Tuesday, October 3, 2017

Shaping Washington’s plan for the $112.7 million to reduce air pollution from transportation

Washington is poised to receive $112.7 million from Volkswagen to reduce air pollution. That’s good news because Washington's largest source of air pollution comes from transportation. 

Before any spending can take place, we need to draft a plan on how to use the funds. That’s what Ecology and our partner state agencies have been working on along with the public.

If you’re not familiar, Volkswagen violated the Clean Air Act by manufacturing diesel vehicles with software that cheated emissions tests by only turning on the vehicle’s emission control systems when the car was being tested. EPA uncovered the fraudulent act and the company known for fun-loving and environmentally-friendly cars was penalized.
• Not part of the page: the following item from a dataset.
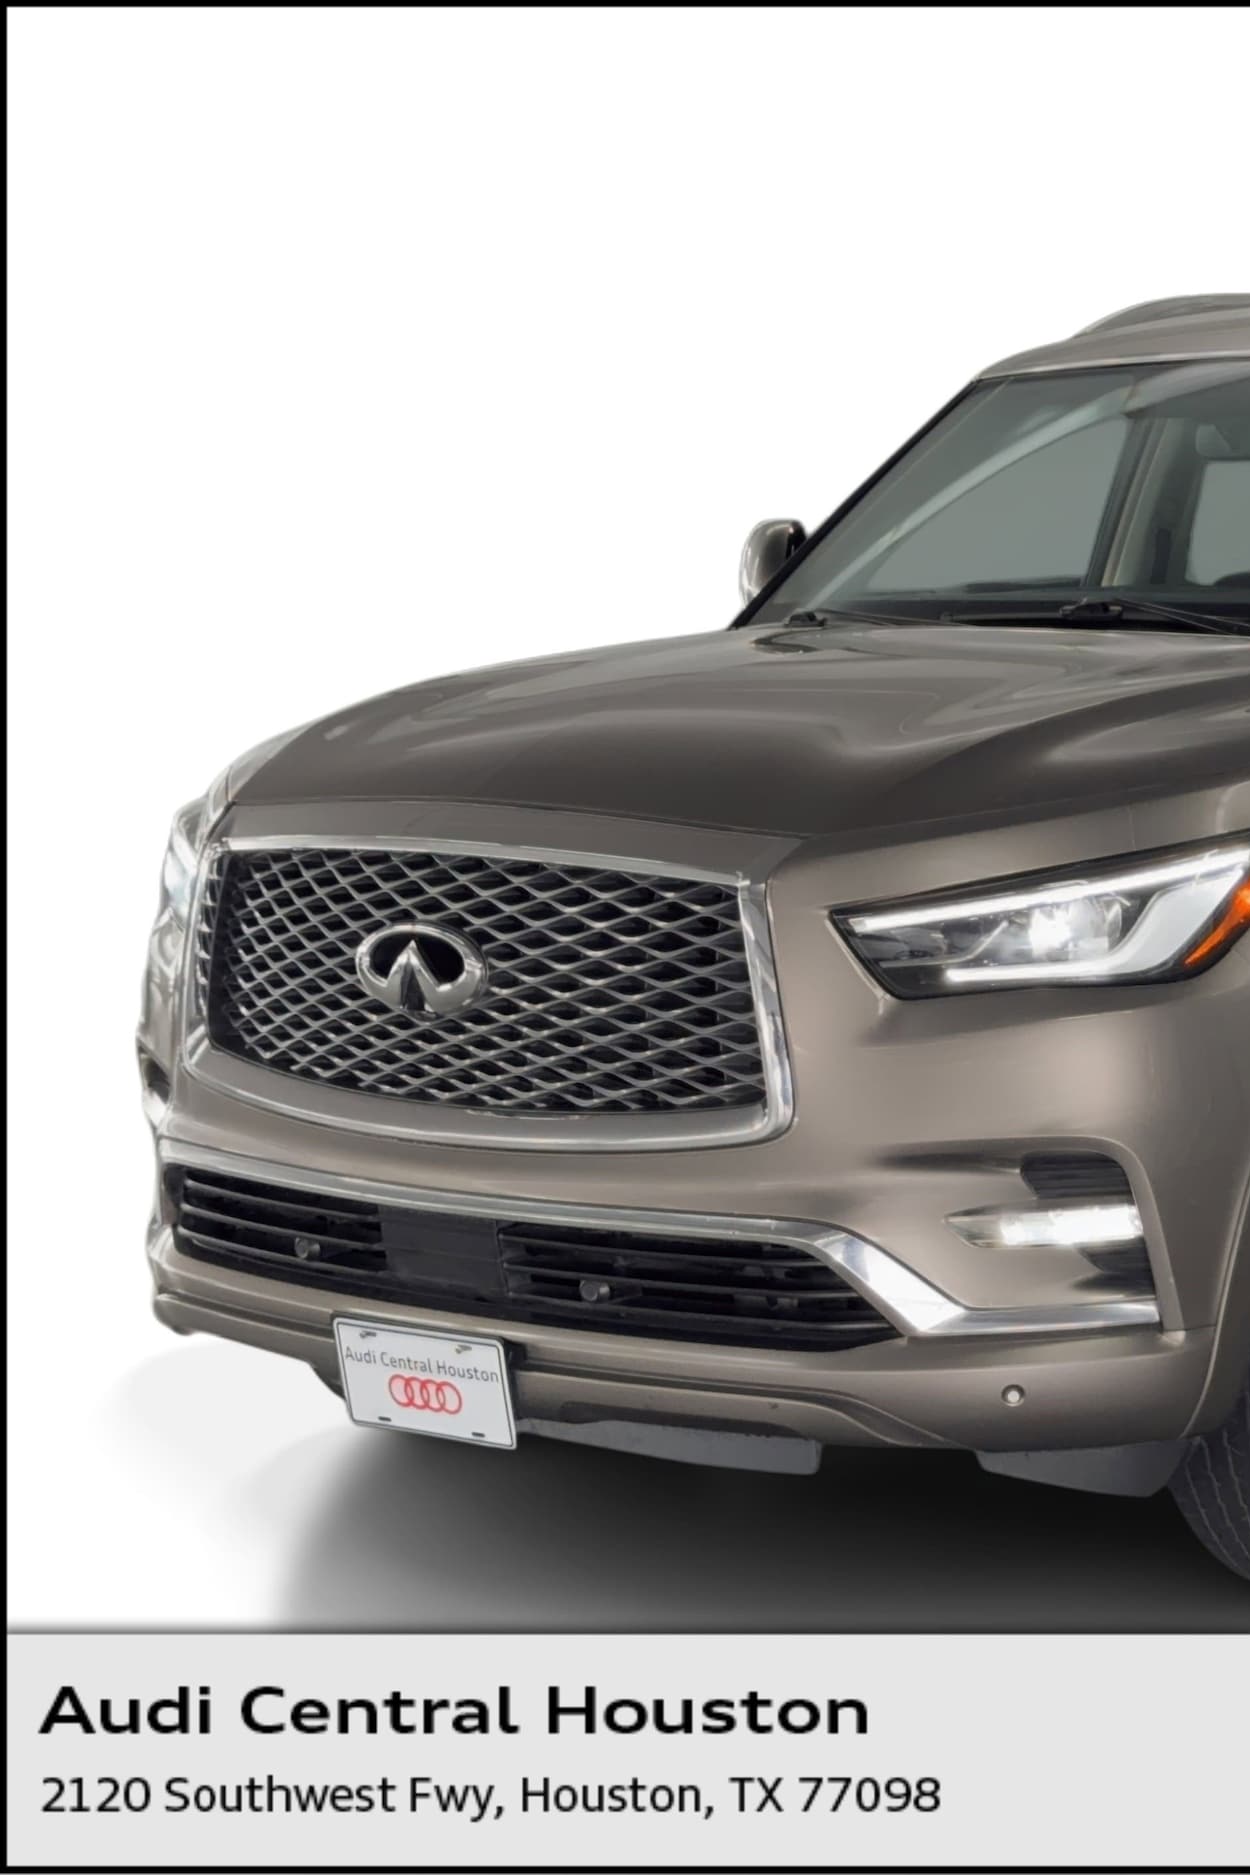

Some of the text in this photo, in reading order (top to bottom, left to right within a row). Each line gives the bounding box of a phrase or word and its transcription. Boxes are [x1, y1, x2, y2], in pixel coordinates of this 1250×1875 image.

[345, 1346, 499, 1383] Audi Central Houston
Volkswagen entered into multiple settlement agreements with the EPA that affect all 50 states, Puerto Rico, the District of Columbia, and tribes. As a result of the agreements, the automaker must:

  • Provide consumer relief to owners of vehicles that failed to meet federal emissions standards.
  • Invest in and develop zero emission vehicle (ZEV) infrastructure. 
  • Deposit $3 billion into a mitigation trust for states and tribes to offset excess nitrogen oxide emissions from the vehicles. 
On March 15, 2017, Wilmington Trust was appointed by the court as trustee to oversee the funds.

Funds to reduce air pollution

Out of the $3 billion Volkswagen must pay to states and tribes, Washington is eligible to receive $112.7 million. That amount was based on the number of affected vehicles registered in the state and can be used to reduce air pollution from transportation.

Percentage of affected vehicles in Washington counties.

In order to receive the money, Washington must do two things. First we must submit beneficiary certification documents and secondly, submit a mitigation plan that explains how the $112.7 will be spent.

Requirements for spending the money

The court issued a consent decree which specifies how the money can be spent. Funds can be used to:
  1. Reduce diesel pollution by replacing or repowering vehicles and equipment with new diesel engines, alternative-fueled engines (compressed natural gas, propane, or hybrid), or all-electric engines.
  2. Replace specific types of vehicles and equipment:
  •  Airport ground support equipment.
  • Class 8 local freight trucks and port drayage trucks.
  • Class 4-8 school/shuttle/transit buses.
  • Class 4-7 local trucks.
  • Ferries and tugboats.
  • Forklifts and cargo handling equipment at ports.
  • Freight switcher locomotives.
  • Light duty zero emission vehicle supply equipment (limited to 15% of funds).
  • Matching funds for projects eligible under the Diesel Emission Reduction Act (DERA).
  • Shorepower for ocean going vessels.
States must also consider how to fund projects based on the benefits of reducing nitrogen oxides emissions in communities that have been disproportionately affected by them. 

Nitrogen oxides emissions and your health

Nitrogen oxides contribute to harmful pollutants like nitrogen dioxide, ground-level ozone, and fine particulate matter. Exposure to these pollutants has been linked with a range of health effects that can be serious enough to send people to the hospital. These pollutants can cause or contribute to health problems like:
  • Headaches
  • Premature death in people with heart or lung disease.
  • Heart attacks.
  • Irregular heartbeat.
  • Aggravated asthma symptoms.
  • Decreased lung function.
  • Irritation of the eyes and airways causing coughing or difficulty breathing.
  • Respiratory infections.
  • Cancer.
  • Increased health care costs.
People at most risk are children, pregnant women, the elderly, and those with cardiovascular or respiratory disease. Health effect research shows that death rates in several U.S. cities increased when there were higher levels of particulate matter in the air. 

Nitrogen oxides emissions in Washington

The map below includes estimated nitrogen oxides emissions from on-road vehicles (e.g. cars, trucks, semi-trucks, etc.), non-road vehicles/equipment (e.g. for construction, agriculture, airports, etc.), marine vessels and pleasure craft, fuel use by various industries, and railroad equipment.

Drafting Washington’s plan

Ecology is working with the Departments of Transportation, Commerce, and Health as well as holding webinars, surveys, and stakeholder meetings to gather input from the public, local governments, businesses, and environmental interest groups. Recordings and results of these outreach activities, as well as additional details on the federal settlement, are all hosted on Ecology’s website.

Our most recent survey asked people which of the permitted categories were most important to them. The results of that survey, shown below, are helping us draft our mitigation plan. The plan is expected to be released for public comment before the end of 2017. 

Ecology is dedicated to keeping you informed as the settlement progresses.